++++ The input ++++

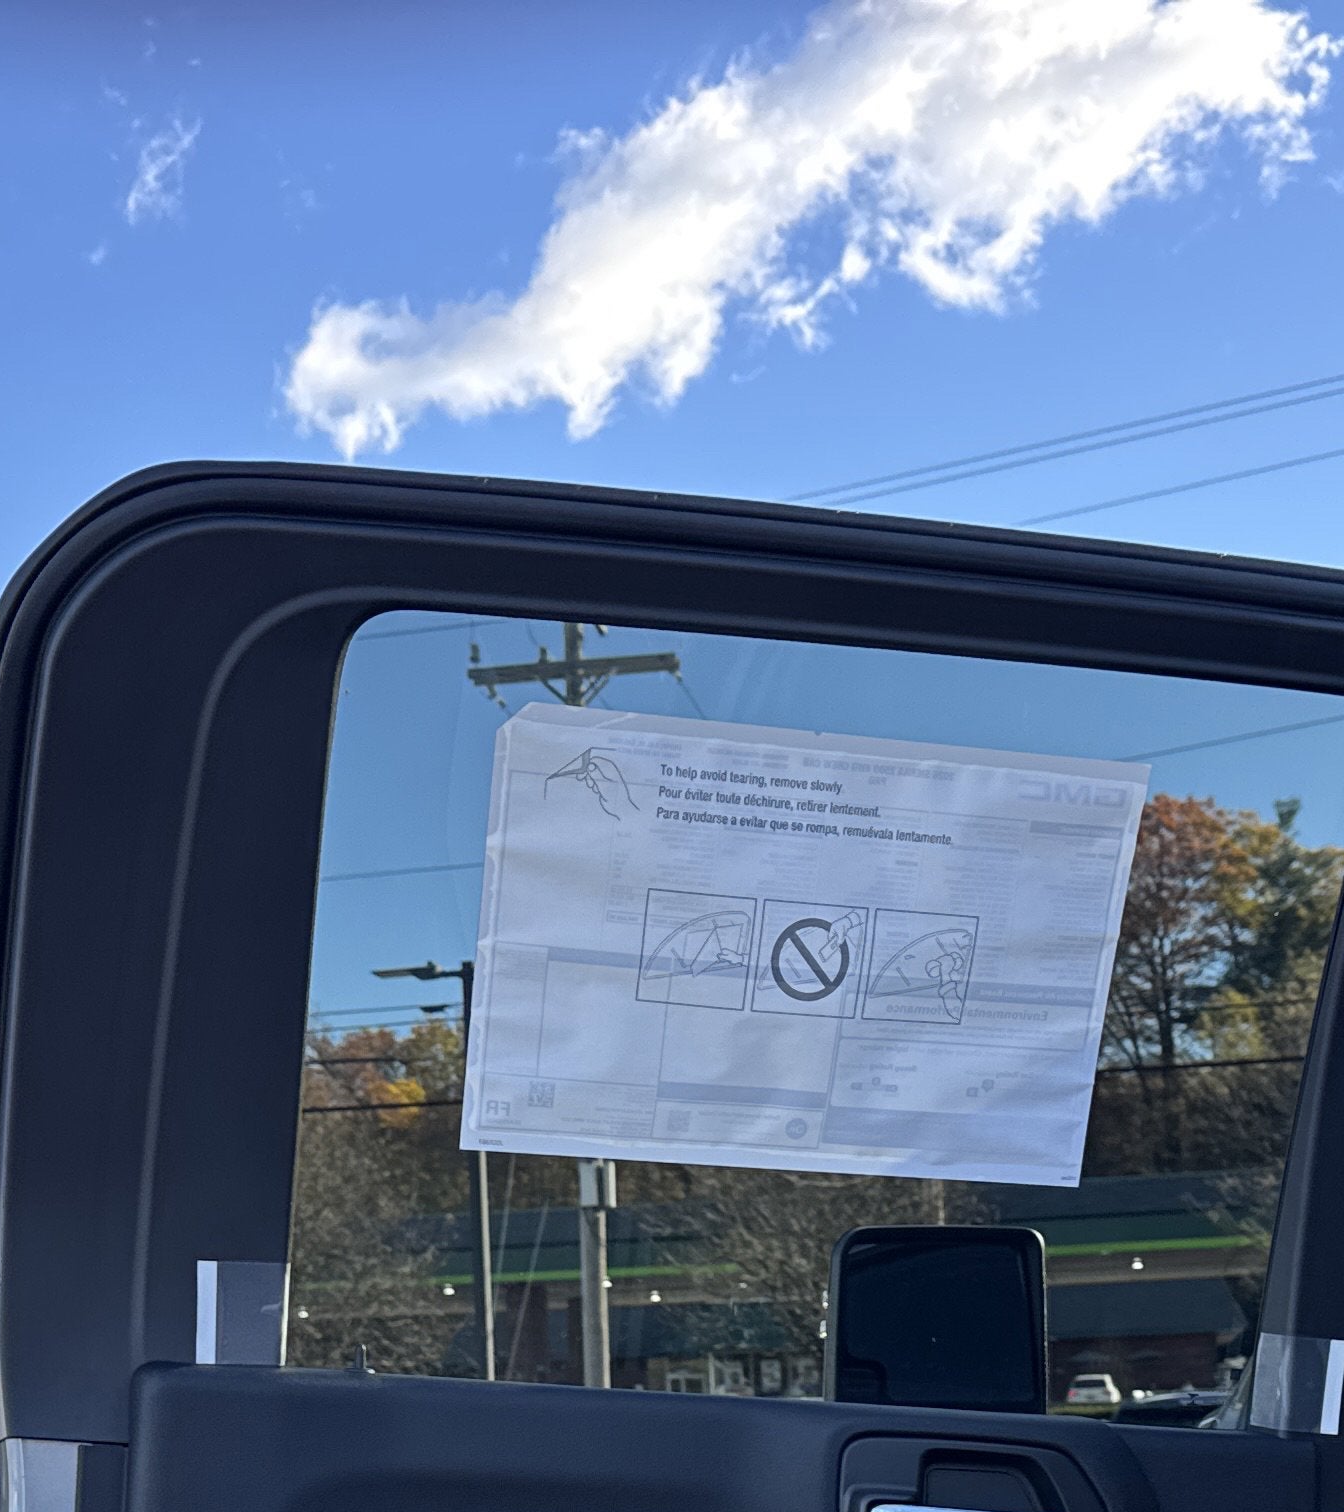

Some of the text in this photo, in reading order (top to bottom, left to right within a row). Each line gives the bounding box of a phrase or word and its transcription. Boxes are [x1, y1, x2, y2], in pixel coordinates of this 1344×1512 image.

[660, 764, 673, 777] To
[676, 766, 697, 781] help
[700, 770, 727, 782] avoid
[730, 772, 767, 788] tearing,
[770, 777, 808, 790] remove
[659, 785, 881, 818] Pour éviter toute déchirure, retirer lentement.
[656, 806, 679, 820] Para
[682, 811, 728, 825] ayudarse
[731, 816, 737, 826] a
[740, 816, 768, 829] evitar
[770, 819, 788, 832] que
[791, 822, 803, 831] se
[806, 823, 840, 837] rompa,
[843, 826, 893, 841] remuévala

++++

All of the material above needs to be restated exactly, with no pictures.

**Your response**
Some of the text in this photo, in reading order (top to bottom, left to right within a row). Each line gives the bounding box of a phrase or word and its transcription. Boxes are [x1, y1, x2, y2], in pixel coordinates of this 1344×1512 image.

[660, 764, 673, 777] To
[676, 766, 697, 781] help
[700, 770, 727, 782] avoid
[730, 772, 767, 788] tearing,
[770, 777, 808, 790] remove
[659, 785, 881, 818] Pour éviter toute déchirure, retirer lentement.
[656, 806, 679, 820] Para
[682, 811, 728, 825] ayudarse
[731, 816, 737, 826] a
[740, 816, 768, 829] evitar
[770, 819, 788, 832] que
[791, 822, 803, 831] se
[806, 823, 840, 837] rompa,
[843, 826, 893, 841] remuévala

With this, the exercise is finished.